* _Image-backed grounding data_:
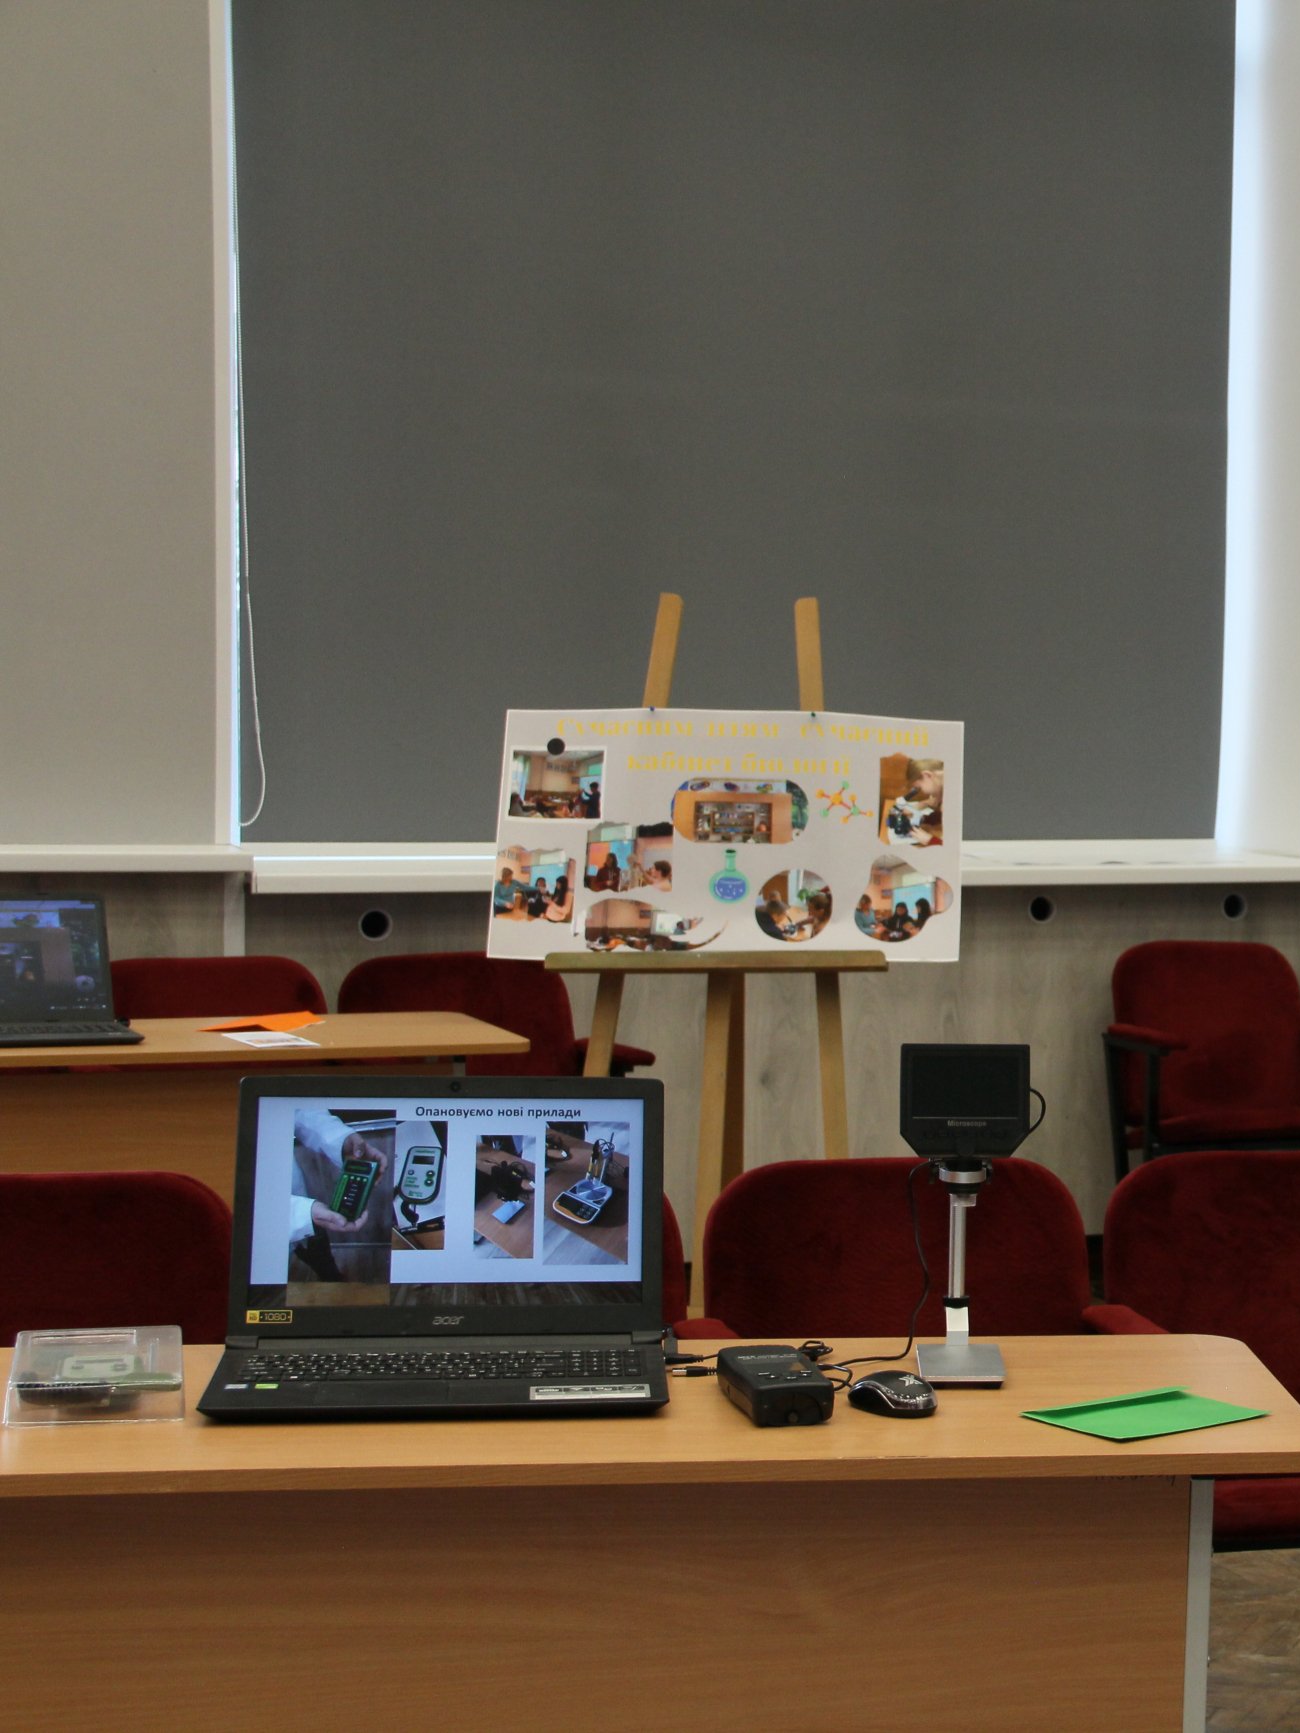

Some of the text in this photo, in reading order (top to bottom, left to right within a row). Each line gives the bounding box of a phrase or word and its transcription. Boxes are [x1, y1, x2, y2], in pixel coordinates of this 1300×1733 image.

[415, 1106, 582, 1119] Опановуємо нові прилади
[432, 1316, 465, 1325] acer
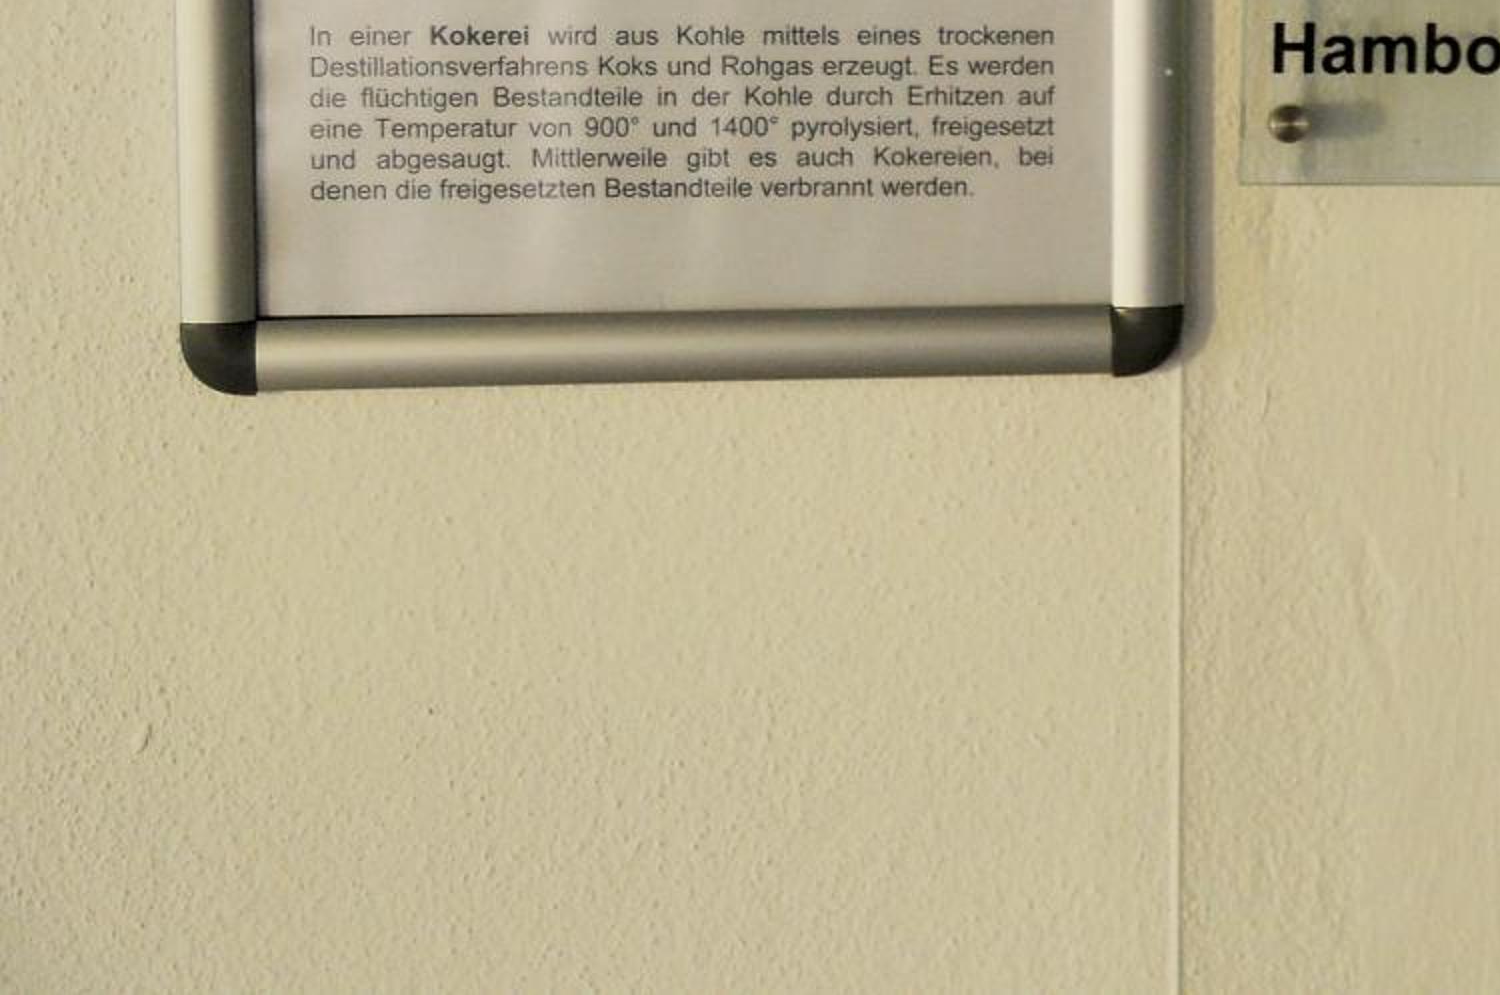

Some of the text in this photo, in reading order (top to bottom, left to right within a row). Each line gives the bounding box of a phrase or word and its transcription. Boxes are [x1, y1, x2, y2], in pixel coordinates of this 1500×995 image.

[309, 25, 1054, 46] In einer Kokerei wird aus Kohle mittels eines trockenen
[311, 55, 1054, 81] Destillationsverfahrens Koks und Rohgas erzeugt. Es werden
[310, 85, 1055, 112] die flüchtigen Bestandteile in der Kohle durch Erhitzen auf
[310, 115, 1054, 143] eine Temperatur von 900° und 1400° pyrolysiert, freigesetzt
[311, 146, 1054, 173] und abgesaugt. Mittlerweile gibt es auch Kokereien, bei
[311, 176, 974, 203] denen die freigesetzten Bestandteile verbrannt werden.
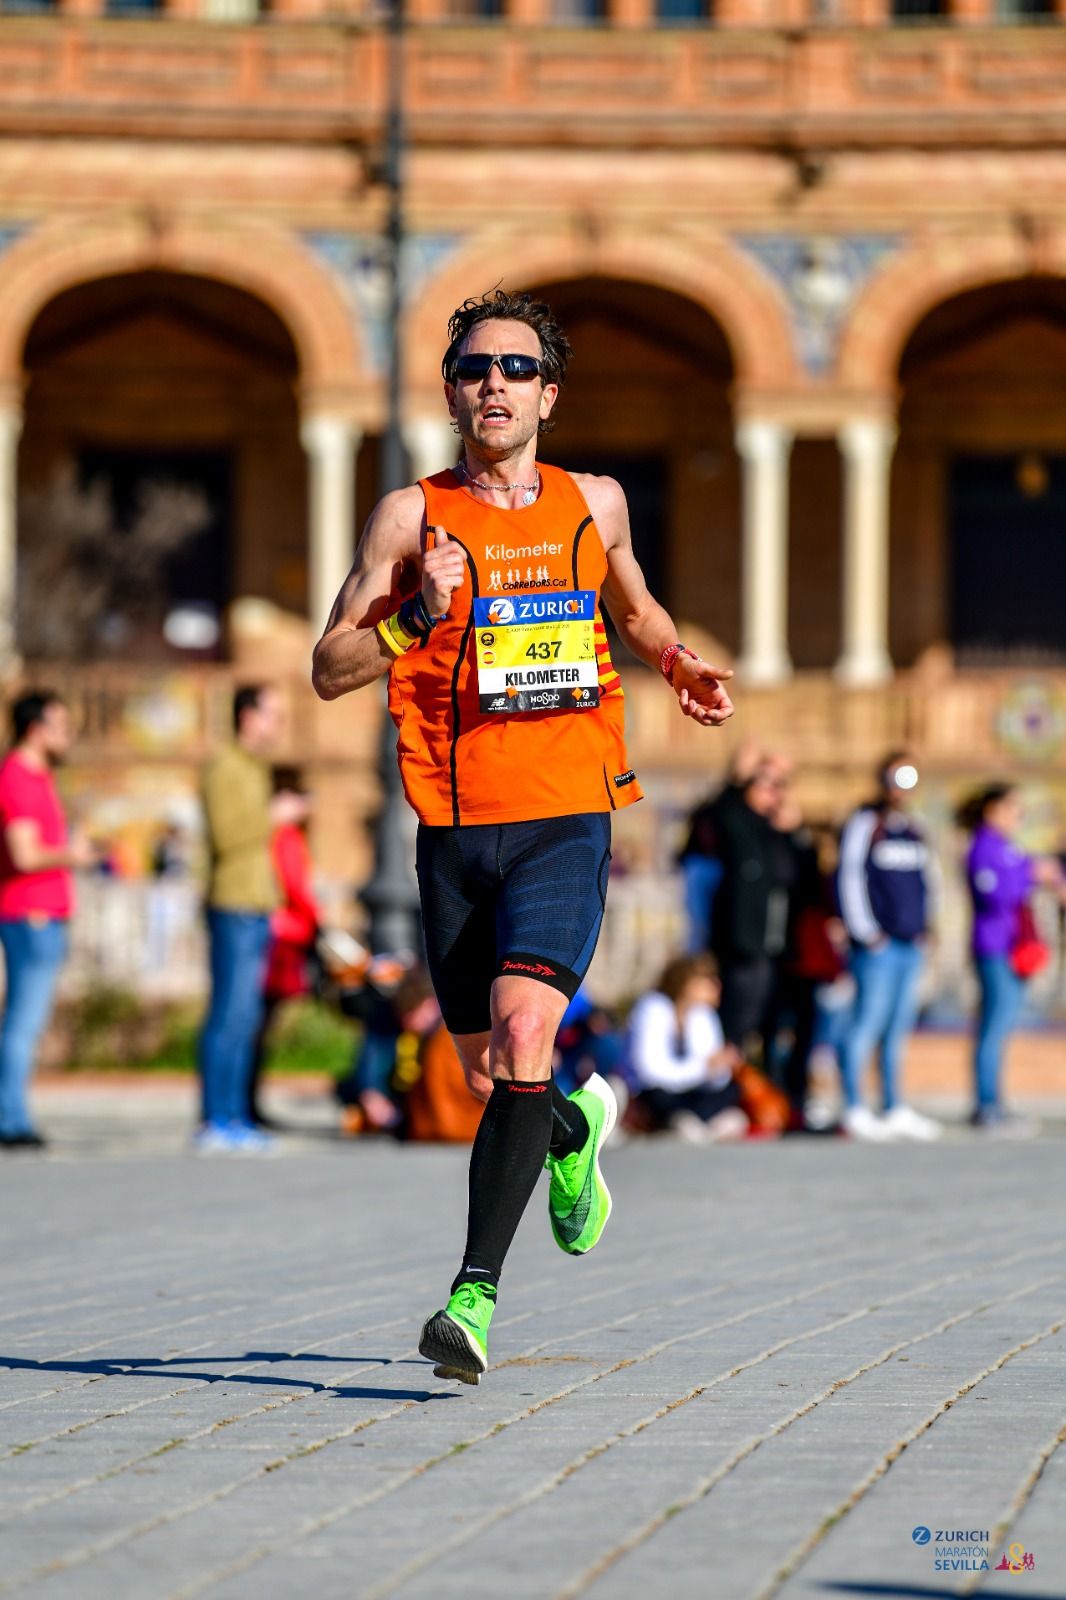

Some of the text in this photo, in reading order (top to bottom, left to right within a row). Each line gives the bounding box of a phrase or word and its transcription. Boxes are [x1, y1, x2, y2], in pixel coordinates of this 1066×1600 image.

[485, 541, 563, 561] Kilometer
[525, 641, 562, 660] 437
[505, 668, 580, 687] KILOMETER
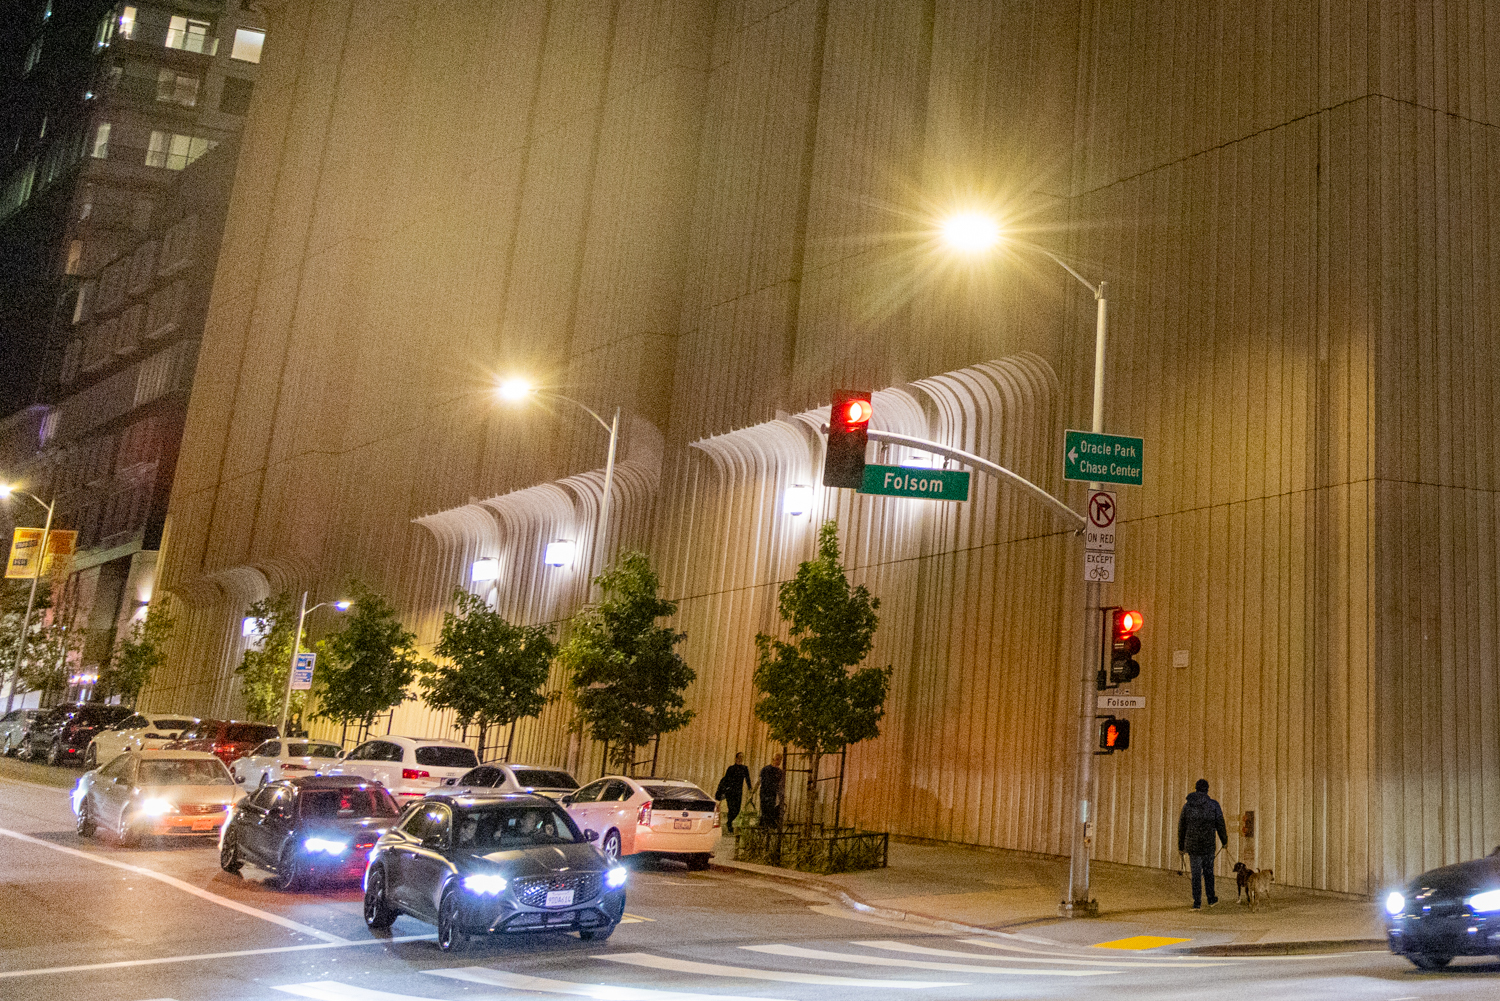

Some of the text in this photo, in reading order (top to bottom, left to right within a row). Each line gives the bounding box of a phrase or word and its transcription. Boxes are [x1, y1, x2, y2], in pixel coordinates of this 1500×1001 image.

[1080, 440, 1136, 457] Oracle Park
[1080, 460, 1141, 478] Chase Center
[884, 472, 943, 493] Folsom
[1087, 532, 1114, 544] ON RED
[1086, 554, 1113, 564] EXCEPT
[1107, 698, 1137, 707] Folsom

* _ASSIGNMENT_:
Beginning at the line that holds "this 1500×1001 image.", write out word for word each line through the end of the records.

* _EXPECTED ANSWER_:
Some of the text in this photo, in reading order (top to bottom, left to right within a row). Each line gives the bounding box of a phrase or word and its transcription. Boxes are [x1, y1, x2, y2], in pixel coordinates of this 1500×1001 image.

[1080, 440, 1136, 457] Oracle Park
[1080, 460, 1141, 478] Chase Center
[884, 472, 943, 493] Folsom
[1087, 532, 1114, 544] ON RED
[1086, 554, 1113, 564] EXCEPT
[1107, 698, 1137, 707] Folsom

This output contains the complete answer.